It should be noted in the commit history but the absolute best place to put the notice is in the same place you define the dependency. If you have for example a maven .pom file that declares your artifact dependencies, I'd do something like:

<!-- Do not change the SDK version because it causes Foo crashes. For more detail see Issue #123 -->

Directly above your <dependency> line.

Issue #123 would include details about how it crashes, the version you updated to that caused the crashes, and it probably should then get added to your backlog again for revisiting later - it's possible that there's a yet again newer version that fixes the issue. Either automatically by editing the ticket, or manually yourself, it will email the team to let them know about the current issue now, and by being in the tracker it lets people find it again later.

The reason to put it with the dependency declaration is because whoever wants to change the version will see it at the moment they want to change it and understand why they shouldn't.

I wouldn't comment in the source code because I can easily picture a situation where someone runs a check on your dependencies and starts upgrading them. They should not need to scour the codebase for every TODO comment to do that.

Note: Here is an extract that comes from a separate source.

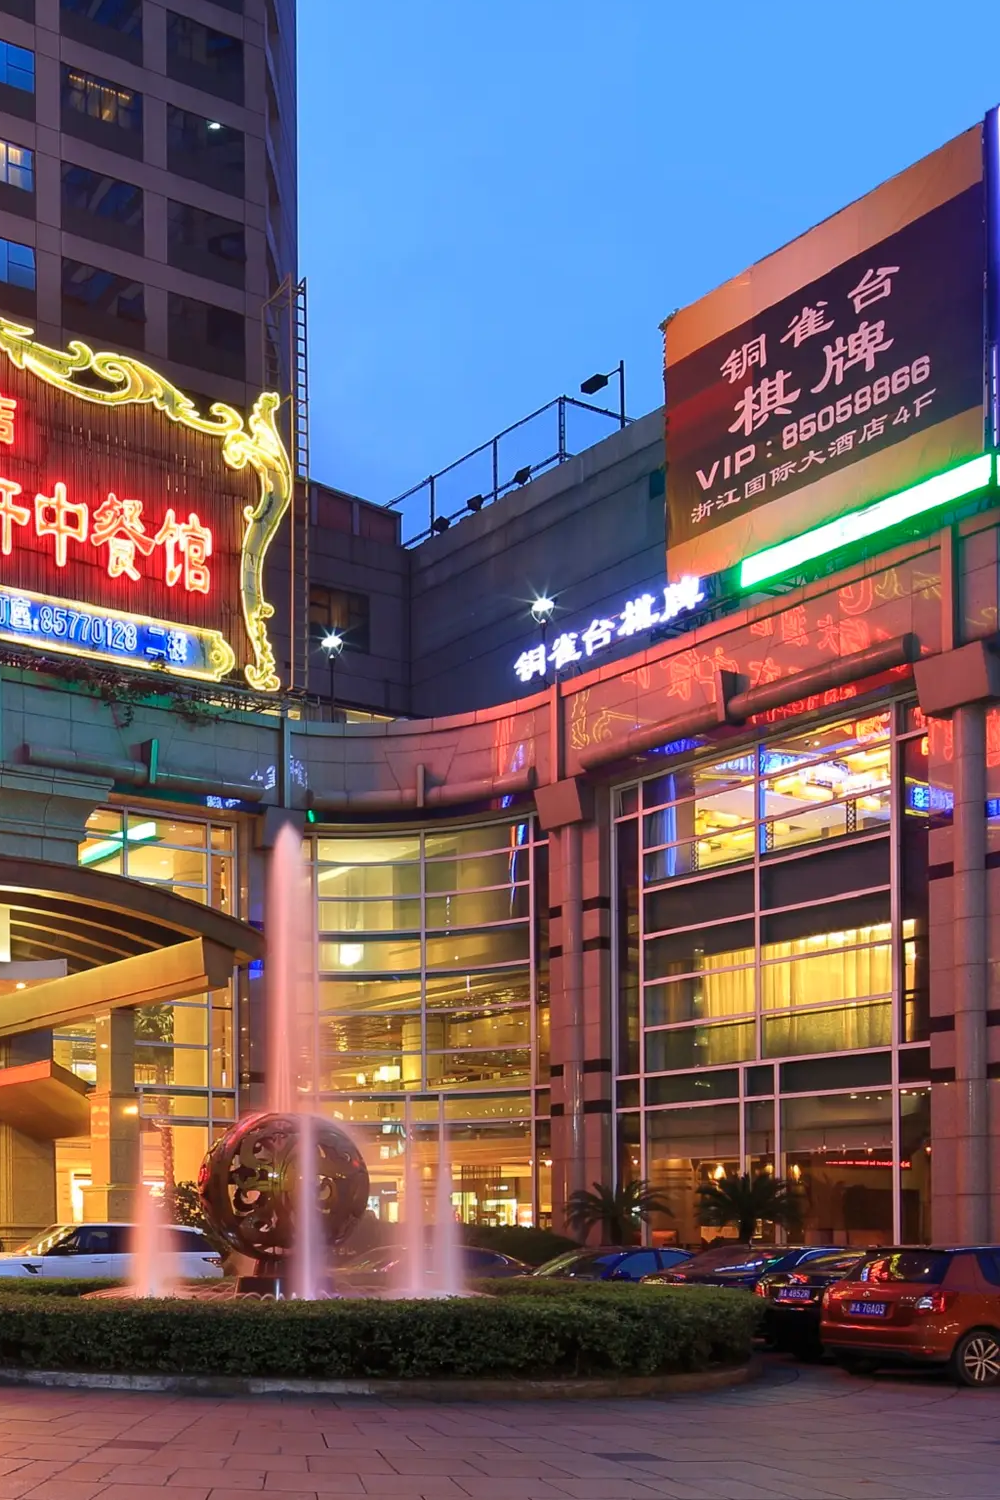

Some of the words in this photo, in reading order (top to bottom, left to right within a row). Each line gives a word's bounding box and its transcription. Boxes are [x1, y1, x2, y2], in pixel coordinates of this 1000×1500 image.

[720, 266, 900, 384] 铜雀台
[728, 320, 894, 437] 棋牌
[782, 355, 931, 451] 85058866

Linking to the issue ticket lets a curious developer know how it failed and potentially revisit it later. Without that, it might become fairly static and never be updated again.

  • 11
    I agree: the best location for critical information is "in as many places as possible." Maybe the pom.xml or equivalent project file, a readme, etc. but the commit history is still good. If I am looking at upgrading a library I may check the history of the existing version to see when it was updated as well as any notes about issues the committer had. But I would not want to go digging through the history to gather all the documentation. It is a good supplementary source.
    – user22815
    Commented Jul 30, 2014 at 22:18

Critical and non-intuitive pieces of information should be documented where people will be looking when considering the information.

For the teams and projects I've worked on, I would commit the roll-back with the comment about why the new version failed. I would add a backlog story to re-try the upgrade if the new version get's fixed. I would add comments to the build system/build scripts where the library is linked.

The roll-back will provide future developers with context when looking into the project's history. The backlog story keeps the need for this upgrade as an active part of the project. The build system comments are right where the changes will need to be when the library is finally updated.

I would not comment it in the code and I would not add it to a README. Developers thinking about trying the upgrade will not be looking at these pieces. If you do add it there, then when the issue with the library is eventually fixed and an upgrade is done, you will need to remove it. This step is often forgotten: resulting in notes that are counter productive to the project.

If your project has a different setup or a different flow, then your answer may be different. I think the key is to put the information right were the developer will see it when doing the work for the upgrade. That way, if the time is not right for the upgrade, the developer will see it and stop, and when the time is right the developer will see it and remove the note so it won't confuse future developers.

  • 7
    Yes, the comment needs to be placed "in the path" of the change. So it's technically impossible to do the action without seeing the warning. It's a lot like safety controls.
    – dss539
    Commented Jul 29, 2014 at 19:40
  • +1 for the suggestion to create a story/ticket for the upgrade in your issue tracker, set to "On hold" with an explanation of why it can't be done yet. The issue tracker is one place you really can reasonably require people to look before working on something. Commented Jul 30, 2014 at 9:57
  • +1 Quoting Jeff Attwood (although he talks about, ugh, "users"): "The next time you're designing [X], consider [client] myopia. You might be surprised just how myopic your [clients] can be. Think long and hard about placing things directly in front of them, where they are not just visible, but unavoidable. Otherwise they might not be seen at all." blog.codinghorror.com/treating-user-myopia Commented Jul 31, 2014 at 18:48

I wanted to give Matthew's comment more attention by highlighting his important idea in an answer. There's a reason why you don't want to upgrade your SDK, and that reason should be captured in a unit test. Not a check for a revision number, but the actual underlying reason.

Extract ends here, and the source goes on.